> _EXERCISE GOAL_: Please repeat each line of the data exactly, with nothing left out.

> _DATA UNDER STUDY_:
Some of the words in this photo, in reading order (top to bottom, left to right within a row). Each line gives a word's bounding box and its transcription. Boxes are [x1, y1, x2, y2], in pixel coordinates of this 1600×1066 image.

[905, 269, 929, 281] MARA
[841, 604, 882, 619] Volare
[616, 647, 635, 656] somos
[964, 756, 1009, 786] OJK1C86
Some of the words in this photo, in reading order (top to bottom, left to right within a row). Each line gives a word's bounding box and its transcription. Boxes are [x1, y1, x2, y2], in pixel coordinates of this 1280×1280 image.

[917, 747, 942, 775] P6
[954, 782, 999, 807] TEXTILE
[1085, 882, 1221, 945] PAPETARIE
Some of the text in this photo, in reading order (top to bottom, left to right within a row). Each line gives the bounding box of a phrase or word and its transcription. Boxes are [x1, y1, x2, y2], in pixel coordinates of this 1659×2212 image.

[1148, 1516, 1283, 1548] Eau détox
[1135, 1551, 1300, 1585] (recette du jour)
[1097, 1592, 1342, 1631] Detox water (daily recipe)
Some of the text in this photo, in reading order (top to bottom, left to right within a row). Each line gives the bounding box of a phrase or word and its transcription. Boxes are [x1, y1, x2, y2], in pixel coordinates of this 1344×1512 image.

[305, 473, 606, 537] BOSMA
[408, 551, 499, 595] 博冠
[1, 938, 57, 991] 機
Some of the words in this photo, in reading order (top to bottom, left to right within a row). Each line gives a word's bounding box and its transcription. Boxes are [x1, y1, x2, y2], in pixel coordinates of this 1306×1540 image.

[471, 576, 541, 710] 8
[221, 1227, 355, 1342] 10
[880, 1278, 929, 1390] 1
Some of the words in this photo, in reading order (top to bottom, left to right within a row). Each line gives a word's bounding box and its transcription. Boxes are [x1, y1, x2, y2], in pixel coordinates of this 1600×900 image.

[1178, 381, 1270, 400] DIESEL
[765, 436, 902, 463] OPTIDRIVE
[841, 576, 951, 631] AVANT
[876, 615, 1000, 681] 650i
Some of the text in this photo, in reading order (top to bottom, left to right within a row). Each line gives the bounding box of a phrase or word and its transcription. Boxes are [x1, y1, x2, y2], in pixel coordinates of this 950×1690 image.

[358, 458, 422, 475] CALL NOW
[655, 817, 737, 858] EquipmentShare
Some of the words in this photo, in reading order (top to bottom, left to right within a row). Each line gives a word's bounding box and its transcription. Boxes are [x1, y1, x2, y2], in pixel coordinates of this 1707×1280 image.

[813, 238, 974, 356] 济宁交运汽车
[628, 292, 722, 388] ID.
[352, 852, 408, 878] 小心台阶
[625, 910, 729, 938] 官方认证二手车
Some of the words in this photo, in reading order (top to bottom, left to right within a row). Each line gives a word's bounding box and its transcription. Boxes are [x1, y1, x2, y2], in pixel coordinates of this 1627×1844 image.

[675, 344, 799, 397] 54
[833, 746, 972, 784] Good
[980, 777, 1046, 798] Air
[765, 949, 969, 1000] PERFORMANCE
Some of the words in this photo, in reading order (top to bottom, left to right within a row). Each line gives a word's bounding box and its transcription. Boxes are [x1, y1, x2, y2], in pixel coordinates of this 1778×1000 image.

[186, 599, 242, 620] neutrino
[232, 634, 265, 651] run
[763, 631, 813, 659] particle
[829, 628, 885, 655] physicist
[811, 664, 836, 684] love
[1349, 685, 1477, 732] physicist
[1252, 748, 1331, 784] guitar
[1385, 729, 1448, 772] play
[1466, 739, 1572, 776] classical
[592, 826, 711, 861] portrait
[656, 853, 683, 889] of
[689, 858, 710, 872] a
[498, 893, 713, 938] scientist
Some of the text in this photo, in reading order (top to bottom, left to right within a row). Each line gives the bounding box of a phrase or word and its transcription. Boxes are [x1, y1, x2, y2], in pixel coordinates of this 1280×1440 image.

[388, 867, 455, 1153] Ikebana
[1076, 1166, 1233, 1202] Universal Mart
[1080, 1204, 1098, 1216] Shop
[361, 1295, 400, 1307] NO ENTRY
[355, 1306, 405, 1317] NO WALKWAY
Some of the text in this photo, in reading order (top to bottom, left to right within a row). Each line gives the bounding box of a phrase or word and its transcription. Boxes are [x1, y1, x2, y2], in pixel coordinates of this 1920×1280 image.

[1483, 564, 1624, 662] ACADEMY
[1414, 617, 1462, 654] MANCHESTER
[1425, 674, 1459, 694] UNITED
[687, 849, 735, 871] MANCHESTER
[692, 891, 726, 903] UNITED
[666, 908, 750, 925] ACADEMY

> _EXERCISE ANSWER_:
Some of the words in this photo, in reading order (top to bottom, left to right within a row). Each line gives a word's bounding box and its transcription. Boxes are [x1, y1, x2, y2], in pixel coordinates of this 1600×1066 image.

[905, 269, 929, 281] MARA
[841, 604, 882, 619] Volare
[616, 647, 635, 656] somos
[964, 756, 1009, 786] OJK1C86
Some of the words in this photo, in reading order (top to bottom, left to right within a row). Each line gives a word's bounding box and its transcription. Boxes are [x1, y1, x2, y2], in pixel coordinates of this 1280×1280 image.

[917, 747, 942, 775] P6
[954, 782, 999, 807] TEXTILE
[1085, 882, 1221, 945] PAPETARIE
Some of the text in this photo, in reading order (top to bottom, left to right within a row). Each line gives the bounding box of a phrase or word and its transcription. Boxes are [x1, y1, x2, y2], in pixel coordinates of this 1659×2212 image.

[1148, 1516, 1283, 1548] Eau détox
[1135, 1551, 1300, 1585] (recette du jour)
[1097, 1592, 1342, 1631] Detox water (daily recipe)
Some of the text in this photo, in reading order (top to bottom, left to right within a row). Each line gives the bounding box of a phrase or word and its transcription. Boxes are [x1, y1, x2, y2], in pixel coordinates of this 1344×1512 image.

[305, 473, 606, 537] BOSMA
[408, 551, 499, 595] 博冠
[1, 938, 57, 991] 機
Some of the words in this photo, in reading order (top to bottom, left to right within a row). Each line gives a word's bounding box and its transcription. Boxes are [x1, y1, x2, y2], in pixel coordinates of this 1306×1540 image.

[471, 576, 541, 710] 8
[221, 1227, 355, 1342] 10
[880, 1278, 929, 1390] 1
Some of the words in this photo, in reading order (top to bottom, left to right within a row). Each line gives a word's bounding box and its transcription. Boxes are [x1, y1, x2, y2], in pixel coordinates of this 1600×900 image.

[1178, 381, 1270, 400] DIESEL
[765, 436, 902, 463] OPTIDRIVE
[841, 576, 951, 631] AVANT
[876, 615, 1000, 681] 650i
Some of the text in this photo, in reading order (top to bottom, left to right within a row). Each line gives the bounding box of a phrase or word and its transcription. Boxes are [x1, y1, x2, y2], in pixel coordinates of this 950×1690 image.

[358, 458, 422, 475] CALL NOW
[655, 817, 737, 858] EquipmentShare
Some of the words in this photo, in reading order (top to bottom, left to right within a row). Each line gives a word's bounding box and its transcription. Boxes are [x1, y1, x2, y2], in pixel coordinates of this 1707×1280 image.

[813, 238, 974, 356] 济宁交运汽车
[628, 292, 722, 388] ID.
[352, 852, 408, 878] 小心台阶
[625, 910, 729, 938] 官方认证二手车
Some of the words in this photo, in reading order (top to bottom, left to right within a row). Each line gives a word's bounding box and its transcription. Boxes are [x1, y1, x2, y2], in pixel coordinates of this 1627×1844 image.

[675, 344, 799, 397] 54
[833, 746, 972, 784] Good
[980, 777, 1046, 798] Air
[765, 949, 969, 1000] PERFORMANCE
Some of the words in this photo, in reading order (top to bottom, left to right within a row). Each line gives a word's bounding box and its transcription. Boxes are [x1, y1, x2, y2], in pixel coordinates of this 1778×1000 image.

[186, 599, 242, 620] neutrino
[232, 634, 265, 651] run
[763, 631, 813, 659] particle
[829, 628, 885, 655] physicist
[811, 664, 836, 684] love
[1349, 685, 1477, 732] physicist
[1252, 748, 1331, 784] guitar
[1385, 729, 1448, 772] play
[1466, 739, 1572, 776] classical
[592, 826, 711, 861] portrait
[656, 853, 683, 889] of
[689, 858, 710, 872] a
[498, 893, 713, 938] scientist
Some of the text in this photo, in reading order (top to bottom, left to right within a row). Each line gives the bounding box of a phrase or word and its transcription. Boxes are [x1, y1, x2, y2], in pixel coordinates of this 1280×1440 image.

[388, 867, 455, 1153] Ikebana
[1076, 1166, 1233, 1202] Universal Mart
[1080, 1204, 1098, 1216] Shop
[361, 1295, 400, 1307] NO ENTRY
[355, 1306, 405, 1317] NO WALKWAY
Some of the text in this photo, in reading order (top to bottom, left to right within a row). Each line gives the bounding box of a phrase or word and its transcription. Boxes are [x1, y1, x2, y2], in pixel coordinates of this 1920×1280 image.

[1483, 564, 1624, 662] ACADEMY
[1414, 617, 1462, 654] MANCHESTER
[1425, 674, 1459, 694] UNITED
[687, 849, 735, 871] MANCHESTER
[692, 891, 726, 903] UNITED
[666, 908, 750, 925] ACADEMY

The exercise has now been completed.